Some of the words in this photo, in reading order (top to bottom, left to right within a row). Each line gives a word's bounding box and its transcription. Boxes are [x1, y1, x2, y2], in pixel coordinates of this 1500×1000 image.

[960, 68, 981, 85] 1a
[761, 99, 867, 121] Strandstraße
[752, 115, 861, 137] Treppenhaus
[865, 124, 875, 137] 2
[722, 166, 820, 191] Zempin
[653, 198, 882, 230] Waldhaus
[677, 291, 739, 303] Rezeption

--

Action item: Reproduce the full block of data exactly, omitting nothing.

Task output:
Some of the words in this photo, in reading order (top to bottom, left to right within a row). Each line gives a word's bounding box and its transcription. Boxes are [x1, y1, x2, y2], in pixel coordinates of this 1500×1000 image.

[960, 68, 981, 85] 1a
[761, 99, 867, 121] Strandstraße
[752, 115, 861, 137] Treppenhaus
[865, 124, 875, 137] 2
[722, 166, 820, 191] Zempin
[653, 198, 882, 230] Waldhaus
[677, 291, 739, 303] Rezeption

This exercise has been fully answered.